## What the task requires
Strip out the pictures and output each remaining line of the data word for word.

## Data to use

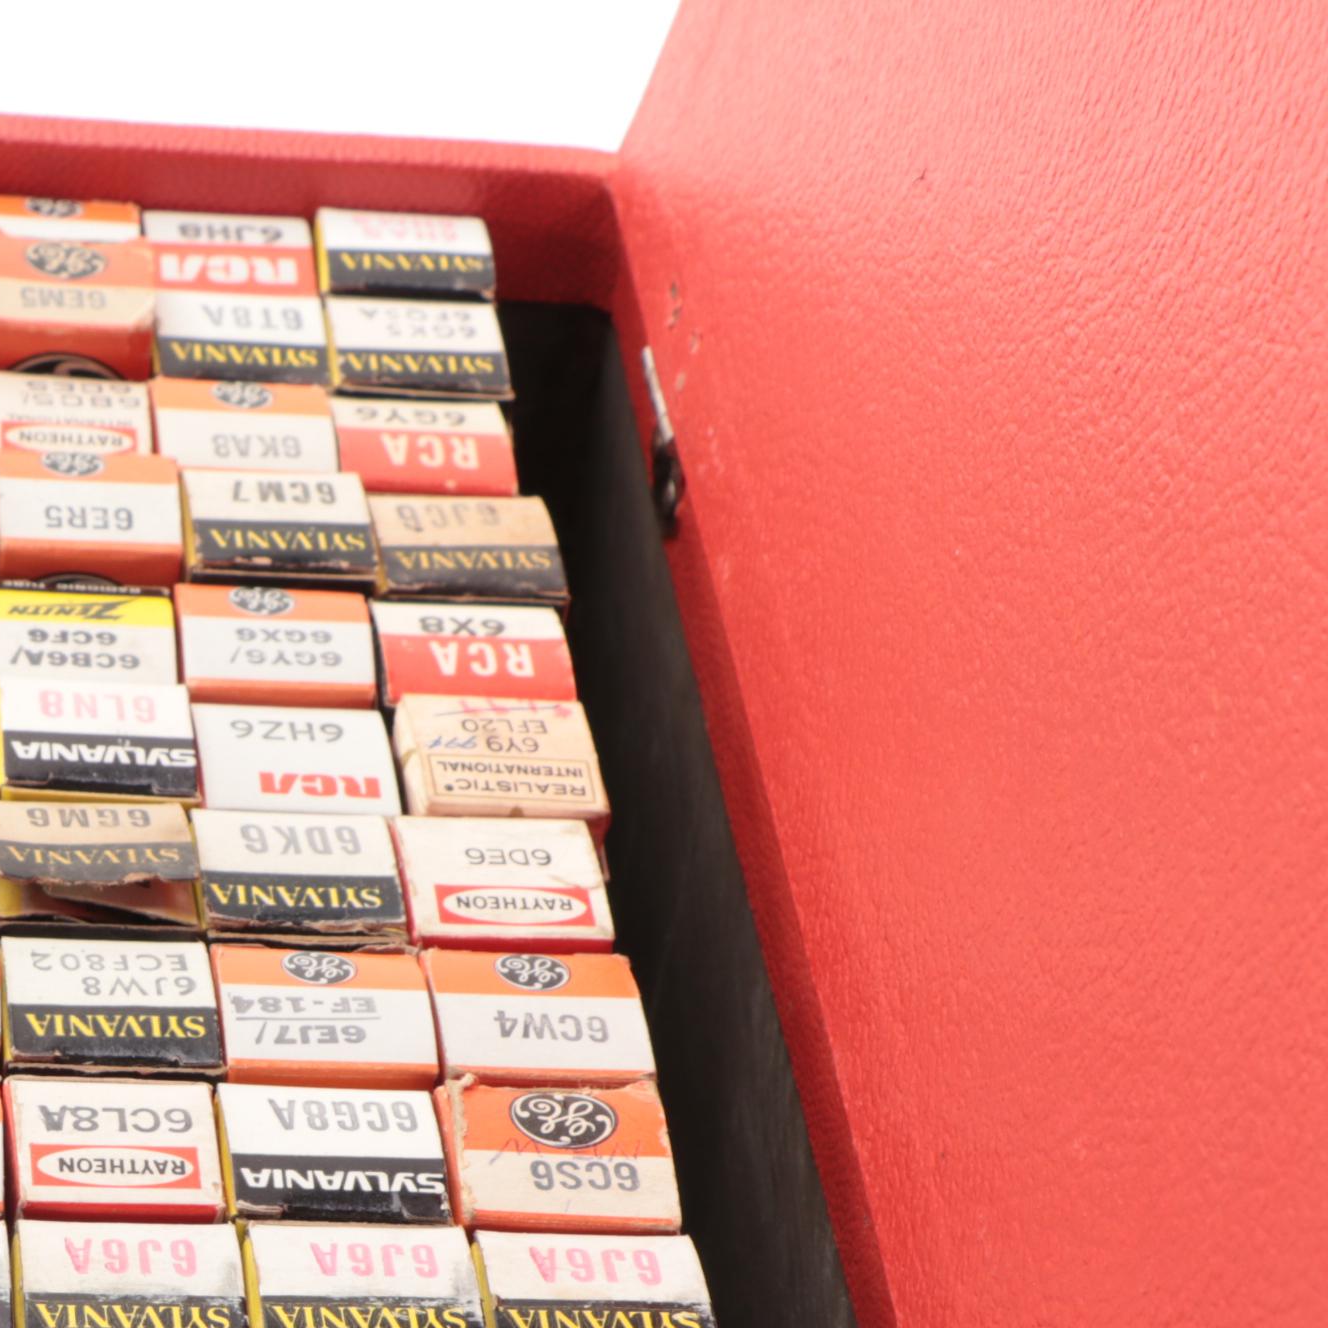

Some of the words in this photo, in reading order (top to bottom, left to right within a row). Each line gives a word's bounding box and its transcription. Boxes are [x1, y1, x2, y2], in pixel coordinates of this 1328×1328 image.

[159, 253, 299, 286] RCA
[339, 251, 484, 273] SYLVANIA
[169, 341, 320, 368] SYLVANIA
[345, 352, 496, 376] SYLVANIA
[19, 429, 124, 447] RAYTHEON
[379, 432, 481, 469] RCA
[231, 480, 336, 505] 6CM7
[43, 505, 134, 531] 6ER5
[207, 527, 367, 553] SYLVANIA
[394, 548, 552, 572] SYLVANIA
[6, 601, 133, 622] ZENITH
[27, 629, 118, 647] 6CF6
[418, 615, 506, 636] 6X8
[9, 646, 141, 669] 6CB6A/
[428, 641, 536, 678] RCA
[229, 719, 344, 743] 6HZ6
[9, 739, 197, 768] SYLVANIA
[486, 735, 539, 754] 6Y9
[436, 760, 584, 778] INTERNATIONAL
[258, 771, 383, 799] RCA
[25, 806, 152, 829] 6GM6
[239, 824, 363, 857] 6DK6
[5, 845, 181, 868] SYLVANIA
[463, 847, 552, 867] 6DE6
[209, 881, 384, 909] SYLVANIA
[454, 894, 573, 912] RAYTHEON
[30, 950, 190, 973] ECF802
[80, 975, 199, 997] 6JW8
[24, 1011, 207, 1039] SYLVANIA
[254, 1020, 367, 1045] 6EJ7/
[493, 1010, 610, 1044] 6CW4
[37, 1103, 195, 1134] 6CL8A
[266, 1097, 420, 1134] 6CG8A
[57, 1156, 188, 1176] RAYTHEON
[529, 1160, 641, 1192] 6CS6
[240, 1167, 445, 1195] SYLVANIA
[308, 1242, 441, 1279] 6J6A
[528, 1246, 664, 1286] 6J6A

## Answer for the task
Some of the words in this photo, in reading order (top to bottom, left to right within a row). Each line gives a word's bounding box and its transcription. Boxes are [x1, y1, x2, y2], in pixel coordinates of this 1328×1328 image.

[159, 253, 299, 286] RCA
[339, 251, 484, 273] SYLVANIA
[169, 341, 320, 368] SYLVANIA
[345, 352, 496, 376] SYLVANIA
[19, 429, 124, 447] RAYTHEON
[379, 432, 481, 469] RCA
[231, 480, 336, 505] 6CM7
[43, 505, 134, 531] 6ER5
[207, 527, 367, 553] SYLVANIA
[394, 548, 552, 572] SYLVANIA
[6, 601, 133, 622] ZENITH
[27, 629, 118, 647] 6CF6
[418, 615, 506, 636] 6X8
[9, 646, 141, 669] 6CB6A/
[428, 641, 536, 678] RCA
[229, 719, 344, 743] 6HZ6
[9, 739, 197, 768] SYLVANIA
[486, 735, 539, 754] 6Y9
[436, 760, 584, 778] INTERNATIONAL
[258, 771, 383, 799] RCA
[25, 806, 152, 829] 6GM6
[239, 824, 363, 857] 6DK6
[5, 845, 181, 868] SYLVANIA
[463, 847, 552, 867] 6DE6
[209, 881, 384, 909] SYLVANIA
[454, 894, 573, 912] RAYTHEON
[30, 950, 190, 973] ECF802
[80, 975, 199, 997] 6JW8
[24, 1011, 207, 1039] SYLVANIA
[254, 1020, 367, 1045] 6EJ7/
[493, 1010, 610, 1044] 6CW4
[37, 1103, 195, 1134] 6CL8A
[266, 1097, 420, 1134] 6CG8A
[57, 1156, 188, 1176] RAYTHEON
[529, 1160, 641, 1192] 6CS6
[240, 1167, 445, 1195] SYLVANIA
[308, 1242, 441, 1279] 6J6A
[528, 1246, 664, 1286] 6J6A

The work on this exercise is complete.